The opening plenary started (and ended) with a performance by the Desi Hoppers, a hip hop dance group from Mumbai that recently performed on The World of Dance television series.
Peter Drobac (Director, Skoll Centre) and Lindsey Spindle (President, The Jeff Skoll Group) provided an inspirational introduction to the Forum. They noted the Skoll World Forum’s modest (but classic Silicon Valley) start from an idea written on a cocktail napkin. The first year, it attracted 250 attendees bonded by a passion for their work and the sad belief that they were working alone. This year, the Forum attracted 1,200 selected delegates from 81 countries. The audience audibly reacted to the image of Greta Thunberg, the founder of the Youth Strike for Climate movement.
Anab Jain (Co-Founder and Director, Superflux) discussed the future and making it visceral and emotional to allow for full engagement and better decision-making.

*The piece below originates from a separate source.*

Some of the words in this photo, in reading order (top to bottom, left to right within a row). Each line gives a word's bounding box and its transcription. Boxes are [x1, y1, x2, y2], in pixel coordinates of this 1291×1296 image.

Ai-jen Poo (Executive Director, The National Domestic Workers Alliance) was interviewed by Jess Search (CEO, Doc Society). Poo enlightened us about the invisibility of child care providers, elder care providers, and other domestic workers in terms of basic labor protections, dignity, respect, and professionalism. While this should be shocking, it’s probably very familiar to most of us … even though these workers will represent the largest occupation in the U.S. workforce by 2030. Fortunately, things are beginning to change. Nine states now have a Domestic Workers Bill of Rights, and Senator Kamala Harris and Representative Pramila Jayapal announced a federal bill of rights for domestic workers late last year. Poo and Search also discussed the critically acclaimed, award-winning movie Roma and the critical attention it has brought to domestic workers and the intimacies and complexities of their lives. You can read more about Poo’s thoughts of Roma and the collaboration among The National Domestic Workers Alliance, Roma, and Participant Media (founded by Jeff Skoll) here.

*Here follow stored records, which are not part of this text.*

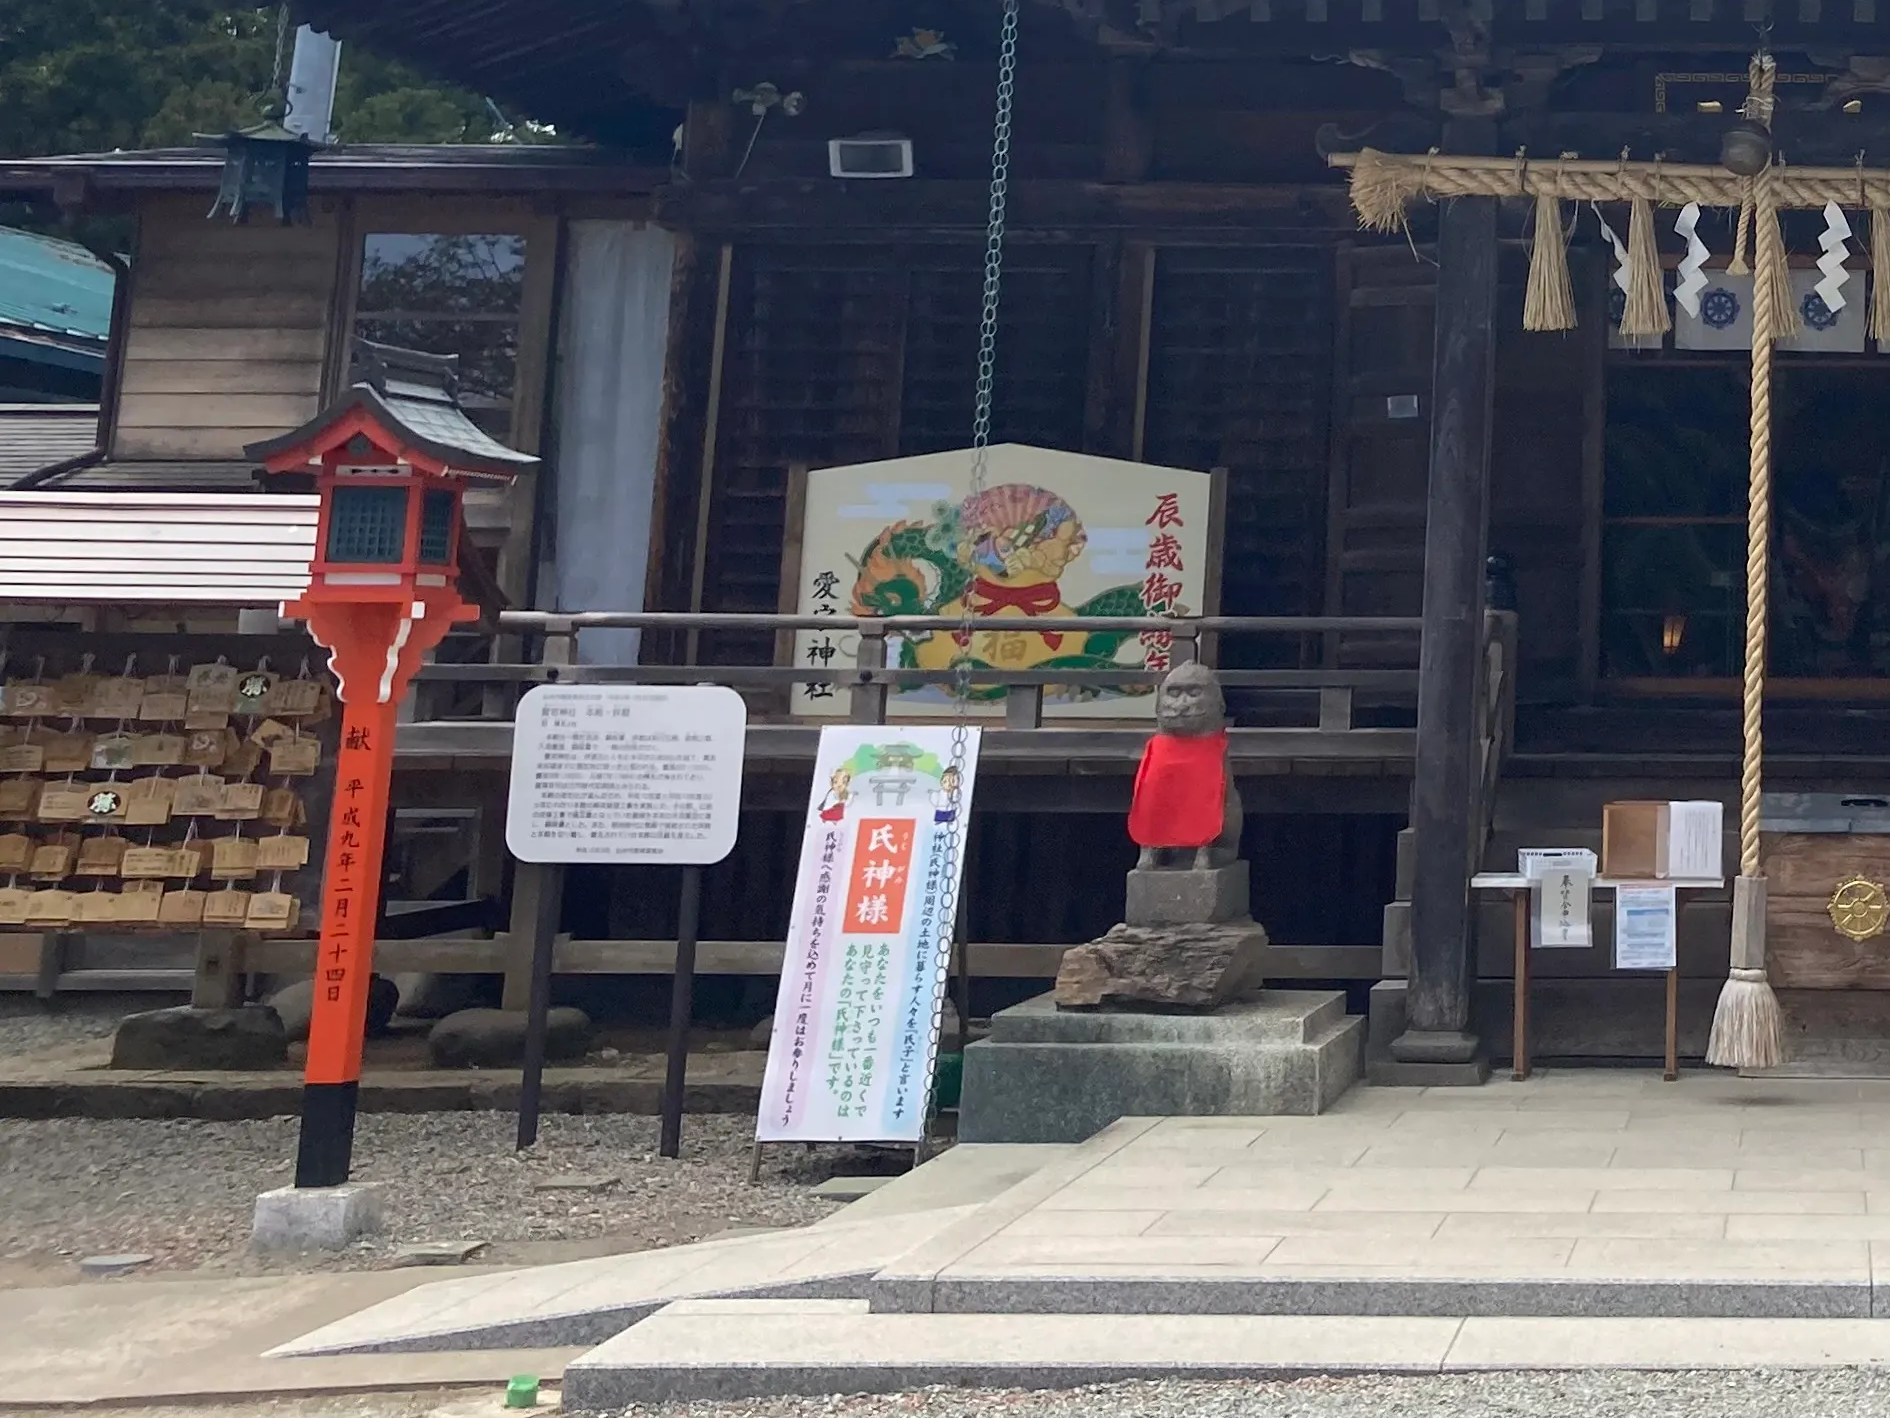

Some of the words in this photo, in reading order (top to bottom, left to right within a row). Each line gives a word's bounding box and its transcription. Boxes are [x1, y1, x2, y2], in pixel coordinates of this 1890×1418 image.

[346, 725, 371, 751] 献
[326, 778, 364, 1002] 平成九年二月二十四日
[855, 823, 898, 925] 氏神様
[837, 944, 874, 1118] 見守って下さっているのは
[855, 943, 890, 1118] あなたをいつも一番近くで

Edgar Villanueva (Author, Decolonizing Wealth) was interviewed by Sarika Bansal (Editor-in-Chief, BRIGHT Magazine), who was clearly and understandably a huge fan of his book. Villanueva, who along with Anand Giridharadas (Winners Take It All) and Rob Reich (Just Giving) has been credited with raising big questions about the value of our current philanthropy, discussed how wealth has been accumulated and continues to be accumulated by enduring colonial structures of power. He emphasized that philanthropy needs to respect these truths and move money to heal the wounds of the past, particularly where the most harm has been done. This demands radical listening.
Prince Gyasi (Artist and Co-Founder, Boxed Kids) shared with us his art and his reason for cofounding Boxedkids, a nonprofit organization helping kids from Accra, Ghana get an education. Gyasi proclaimed: “Education costs money, but ignorance costs money too.”
I ate and conversed with some fascinating people doing some pretty incredible things. A nice way to end the day at a dining hall in Worcester College (kind of like a mini-Hogwarts dining hall). Looking forward to Day Two.